YOU know I’ve always thought that, in general, people were nice. Good folk, who wanted the best for themselves and everyone else.
Obviously there were the occasional exceptions to that rule – the bullies, the racists, the homophobes, the bankers, the Tories who introduced the poll tax – but all in all I have lived 41 years with the idea that the majority of folk just want to get on with their lives and, like the Hippocratic oath states, do no harm.
Perhaps that was naive, but it feels like there’s been a serious shift, a hardening in attitudes. We appear to live in a country where people are encouraged by those who should know much, much better, to hate others, to be envious, to destroy lives.
From the absolutely appalling online abuse received by academic Dr Mary Beard after she appeared on last week’s Question Time, to the apparent growing belief that people struggling to live on benefits are all just worthless work-shy shirkers; from the little Englander mindset which has potentially set the UK on a course to leave the EU, to the Atos reports which state disabled and ill people should be working right before they die; and now the encouragement of Lothian and Borders Police to tell tales on anyone you think might be doing a bit better than they deserve. . . it’s all a rhetoric of spite and envy, to polarise people and opinion. It makes me despair.
What has happened to generosity of spirit? The kind of spirit which started the welfare state, the NHS, that believed in free education for all? Has it really been replaced by a miserly, mean, narrow, blinkered view on the world and everyone in it?
People are rightly still furious about the way the banking crash has affected the economy and their lives. So many have lost jobs, homes and lifestyles they worked hard to achieve. Some have managed to find work, many have not. There was a time when having to rely on the crutch of benefits to see you through the hard times was accepted. Now it seems anyone claiming any kind of government help is regarded with suspicion.

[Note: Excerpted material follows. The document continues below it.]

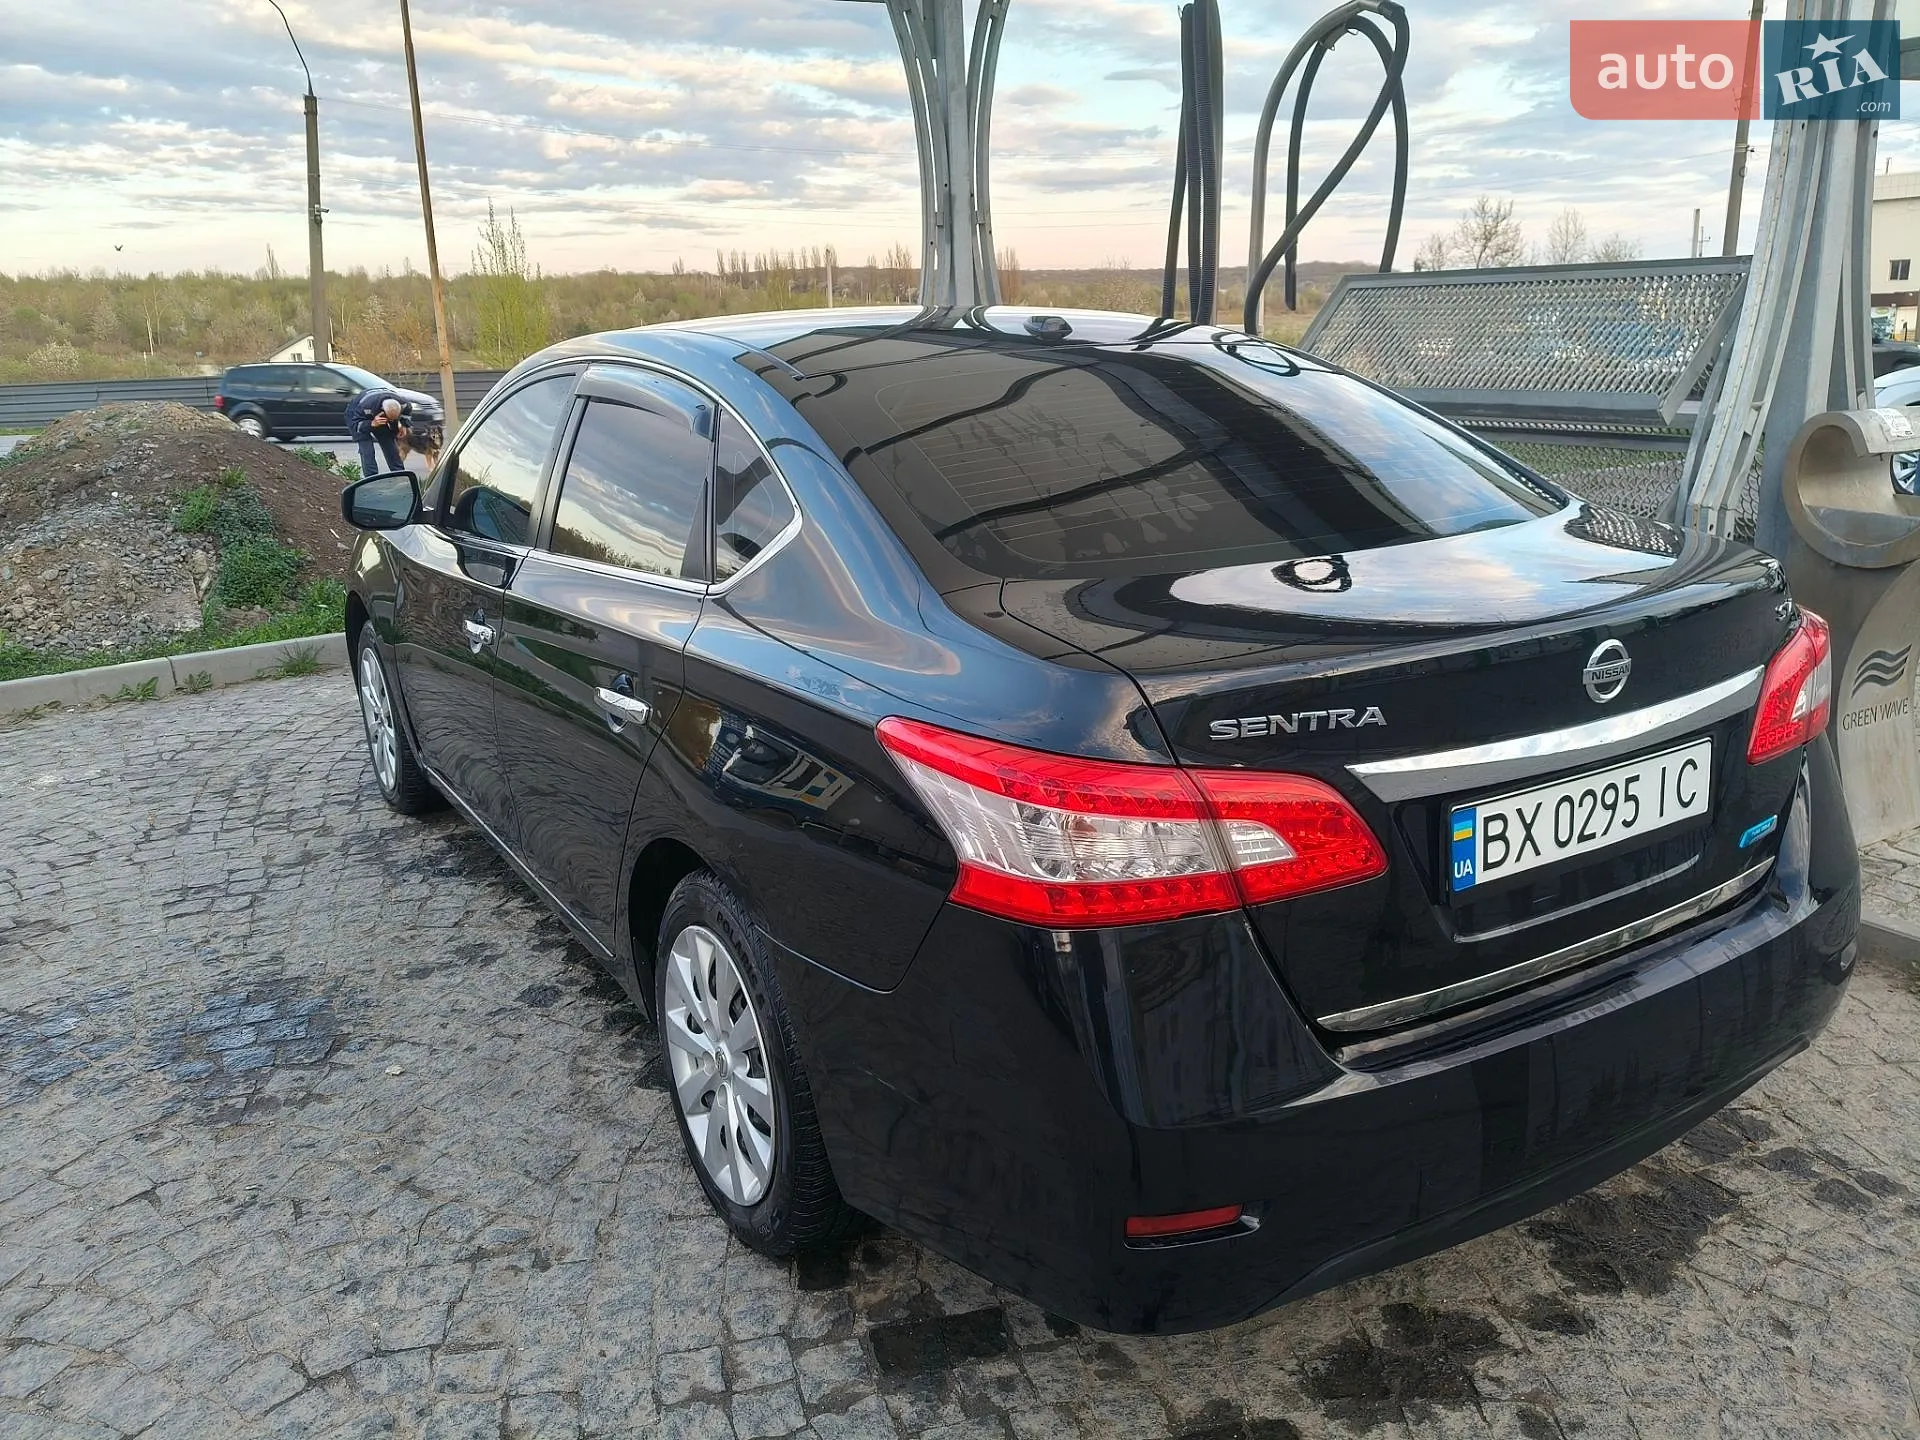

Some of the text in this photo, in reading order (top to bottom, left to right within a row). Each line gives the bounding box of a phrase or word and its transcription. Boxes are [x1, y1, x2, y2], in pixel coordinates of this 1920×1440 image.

There is no doubt some people do not want to work, but they are the same people who didn’t want to work before this era of austerity kicked in. Not your neighbour who happened to lose their job through no fault of their own and is desperate to get back to work. So why treat them as if they are a leper?
Yes, there are plenty of people who live beyond their means, but does it mean they’re selling drugs to fund a jet-set lifestyle? That’s what this new idea by Lothian and Borders Police, this charter to “shop thy neighbour”, would have you believe.
Drug dealers are a blight on communities, and it is understandable the police want to lock them up, but to ask people to call in if they think someone has bought something they shouldn’t be able to afford, leaves me incredulous.
You can imagine the calls: “He’s got a bigger telly than me, 50 inches, and I know for a fact he cannae afford it”, or “There’s no way that family should be buying a new car, there’s on’y wan o’ thaim working” or “They’re all on benefits, the bloody scroungers, how come they’ve got iPads, it’s no right?”
It’s easy to get caught up in it. I can understand that, there was a time when I raged about the fact we didn’t qualify for a single tax credit when apparently Nick Clegg did, until my more sensible, rational, other half pointed out this was actually a good thing.
But to encourage this envy, to ask people to “grass” on others, to twitch at the net curtains and call in with all and any spurious “evidence” of out-of-means living, Lothian and Borders should know better.
Not that I was ever convinced of the “Big Society” idea, but it feels as if this policy, and others, has turned that wholly on its head. Why can’t we just accept the fact that we’ve all got different priorities when it comes to spending money? Some people will shop in Lidl for food and splash out on hi-tech equipment. Others wouldn’t dream of buying a non-organic spud, but are happy to walk around in decades-old anoraks. How does anyone know what’s really going on in someone else’s home or bank account?
This is a recipe for rumours and scare-mongering, witch-hunts and victimisation and Lothian and Borders should not be encouraging it.
I don’t want to be preachy, but one of the ten commandments says you shouldn’t covet your neighbour’s wife, but surely you shouldn’t covet their flat-screen telly either?
CONVINCING Dame Elish Angiolini to lead an independent investigation into the Mortonhall baby ashes scandal is quite a coup for Edinburgh City Council.
The former Lord Advocate has a fiercely forensic legal mind and a common touch, and perhaps just as important, is a parent of two children herself. She will no doubt bring much empathy to her inquiries – which will also make her all too aware of the desperate urgency there is in those who are suffering to have their questions answered. The sooner she begins, the better.